Cheryl, my loyal and trusty therapist, announced today in our session that she thinks I’ve officially entered the anger phase of my MS mourning.

I laughed out loud. I’ve felt like I’ve been in the anger phase for a long time, myself, but she’s probably right. It’s pretty safe to say that I’ve been firmly in denial from the very beginning when I first heard the words, “You appear to have multiple sclerosis.”

I immediately jumped to the position I expect most of us would. “I have MS, but MS doesn’t have me!” Shaking my fist in the air and muttering, “As god is my witness!” But here’s the thing. Lately, it does feel like MS has me. It just does.

There is literally nothing about my life that hasn’t changed, not since my diagnosis, but even before that. Since those early days when I just had the horrible, nagging feeling that something was very wrong, even if I didn’t know what to name it yet, my life has been changing little by little without me even noticing it. Small adjustments at first.  Bigger ones later. I’m sure there will be bigger changes yet, to come. All of those subtle changes have added up now and the result is a life I sometimes don’t even recognize.

The ironic thing about this new life I barely recognize is that it’s also in a constant state of flux.

I never know if I feel better (or worse) because of my disease, or my treatment, or the various pharmaceuticals I take for symptom relief or if my state of mind is affecting all of the above. I’m always guessing.

Today I’m trying to decide if it was the right choice to slow down my Tysabri treatment. Tomorrow is infusion day, you see, and I won’t be in attendance. Dr. Scott, my neurologist affectionately dubbed The Great Scott (or TGS for short), decided to put me on an every-other-month schedule at my last appointment. He isn’t convinced, and neither am I, that the Tysabri is helping me much. There’s something new coming out in 2017 that he thinks will be better (and safer) for me, due to my JC positive status. So I won’t be getting infused tomorrow, I will be going to work to entertain visiting dignitaries and visit more commercial real estate instead.

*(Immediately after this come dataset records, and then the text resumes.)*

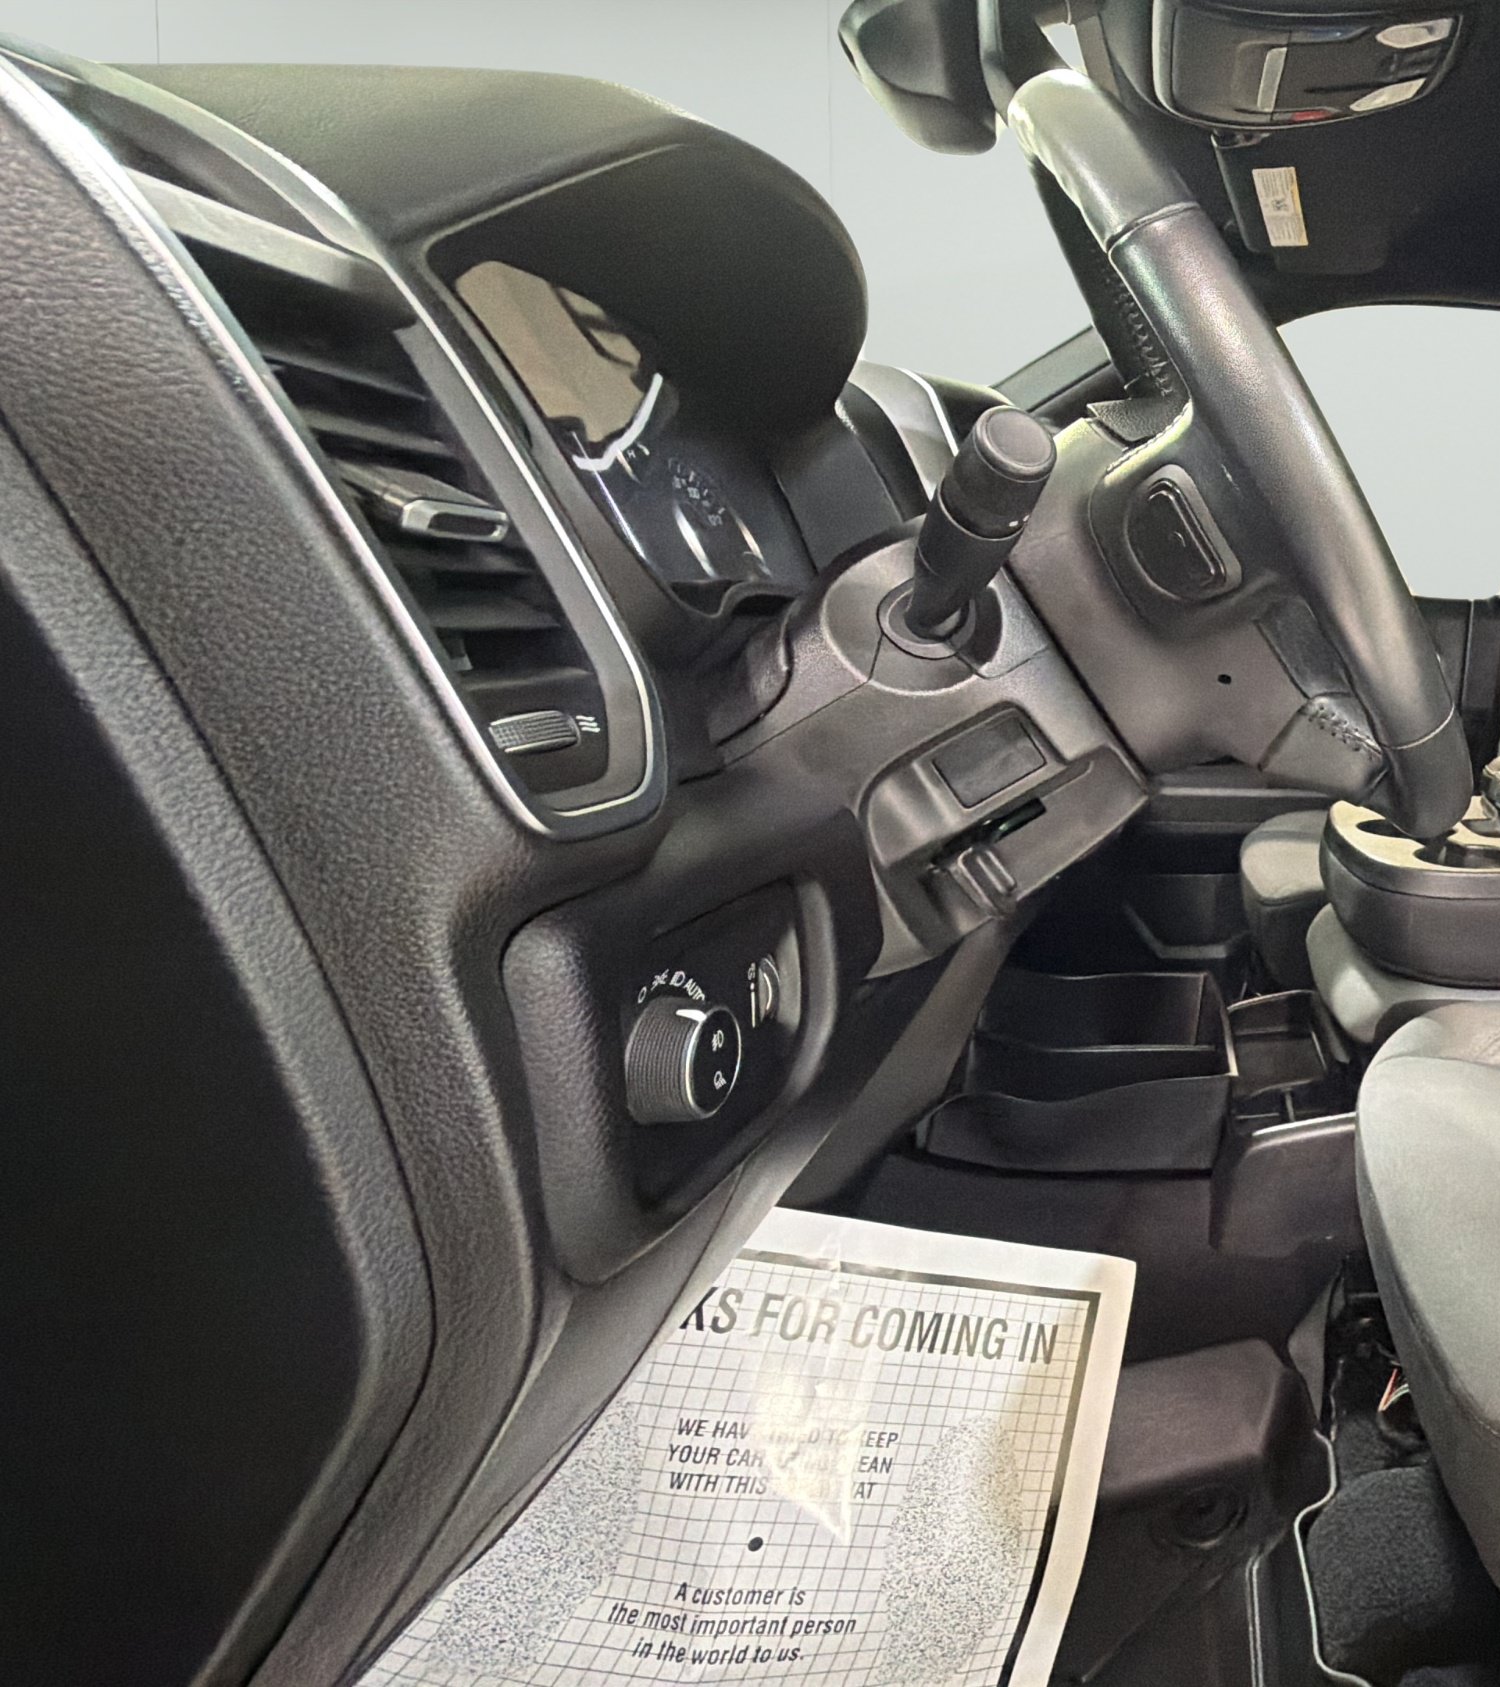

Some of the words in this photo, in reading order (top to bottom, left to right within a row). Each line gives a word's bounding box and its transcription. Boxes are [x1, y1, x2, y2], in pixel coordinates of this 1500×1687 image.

[750, 1288, 842, 1346] FOR
[850, 1303, 1009, 1361] COMING
[1017, 1321, 1059, 1365] IN
[677, 1418, 708, 1438] WE
[712, 1420, 753, 1440] HAV
[668, 1443, 720, 1466] YOUR
[726, 1448, 766, 1468] CAR
[669, 1471, 720, 1493] WITH
[722, 1474, 770, 1495] THIS
[673, 1581, 688, 1600] A
[692, 1588, 784, 1606] customer
[788, 1586, 806, 1606] is
[607, 1602, 639, 1625] the
[643, 1610, 688, 1632] most
[690, 1615, 789, 1639] important
[790, 1617, 856, 1639] person
[632, 1637, 653, 1659] in
[656, 1640, 685, 1664] the
[691, 1644, 750, 1665] world
[752, 1645, 770, 1664] to
[777, 1646, 805, 1663] us.

Here’s the truth. Provigil makes me feel like I can keep up, but some days even that isn’t enough. I feel weak and tired today. My gut tells me I will be in bed before 8PM because I need to be in the office before 10AM and that requires a herculean effort in the morning. I feel like maybe the Tysabri was helping me more than I thought it was, but we made the decision and now I need to play it out. Am I just having a few bad days? Or is this going to just keep getting worse as the Tysabri completely disappears from my system. By November, when I go for infusion again, will I be even worse?

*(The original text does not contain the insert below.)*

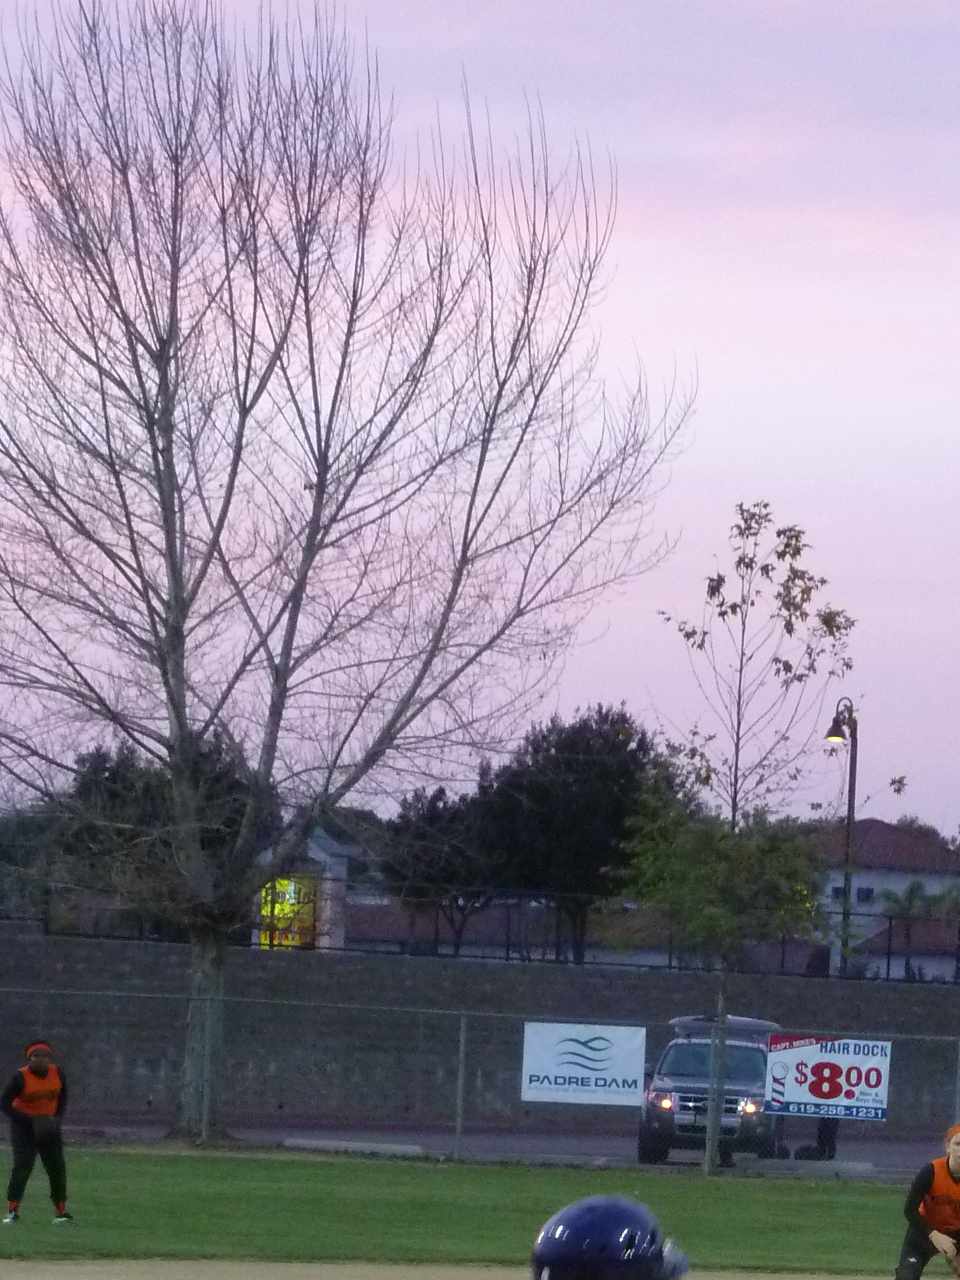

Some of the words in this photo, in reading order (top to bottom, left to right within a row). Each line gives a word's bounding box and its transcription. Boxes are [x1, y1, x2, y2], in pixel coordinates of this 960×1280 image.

And in the meantime, what else is going to change?

I’ve already become almost unrecognizable to myself. Of course, you wouldn’t agree. I look the same to you. But I’m not. My clothes are simpler and much less fussy because I just want to be comfortable. My shoes aren’t even remotely like what I normally consider acceptable because it’s hard enough to walk as it is – why make it harder? I used to take a great deal of time and focus applying elaborate makeup each day because it was so much fun to me (really)…lately? I’ve been going the more basic route, if I wear makeup even at all. You might not be able to tell I’m sporting bed head but I sure can. Yesterday I went to work without a single piece of jewelry on! I’m telling you…that has never happened before.

I have my routines. My armor. My persona that I’ve cultivated over the last 49 years and I’ve come to enjoy the result. You might say, “But Beth, I want to be comfortable now too! I have changed a lot myself but just as a natural evolution of maturity and getting older and wiser!” And I would give you kudos! I really would. But I resent it.  I loved the stuff. The costume. The face I put on every day. I really loved the shoes! It’s probably not prudent to admit it, but I felt like I was enjoying who I was for the first time in such a long time. I was comfortable in this skin, imperfect as it is. All of those insignificant things, the costume and the accessories and the makeup, they were part of it! I could act like I’m much deeper and more mature than that, but I’m not. Sometimes those things got me through a day.

I know I sound like a big whining mess. Buck up! Look on the bright side. As Cheryl said today (who told me not very long ago that she, too, has MS! How is that even possible?), nothing about this doesn’t suck. Even when you try to put a positive spin on it – it doesn’t really work. You move on to acceptance because what choice do you have? Nobody wants to be the whining complainer who is pissed off about her stupid shoes!

But you know what? Right now? That’s exactly who I am. I am pissed off about all of it.

Today, I wore a new pair of shoes that were ambitious for me (crazy…compared to my former standards…but anything other than completely flat shoes have been out of the question). These shoes have a little heel but they are basically flat because of a platform. I surmised…I trip in flats! I have to walk slowly no matter what! I get tired walking in bare feet. What the hell difference could it make for those things to happen in shoes I don’t hate? Fuck it. I wore the damn shoes. I felt rebellious and defiant in my mostly-sensible shoes.

Maybe MS doesn’t have all of me yet.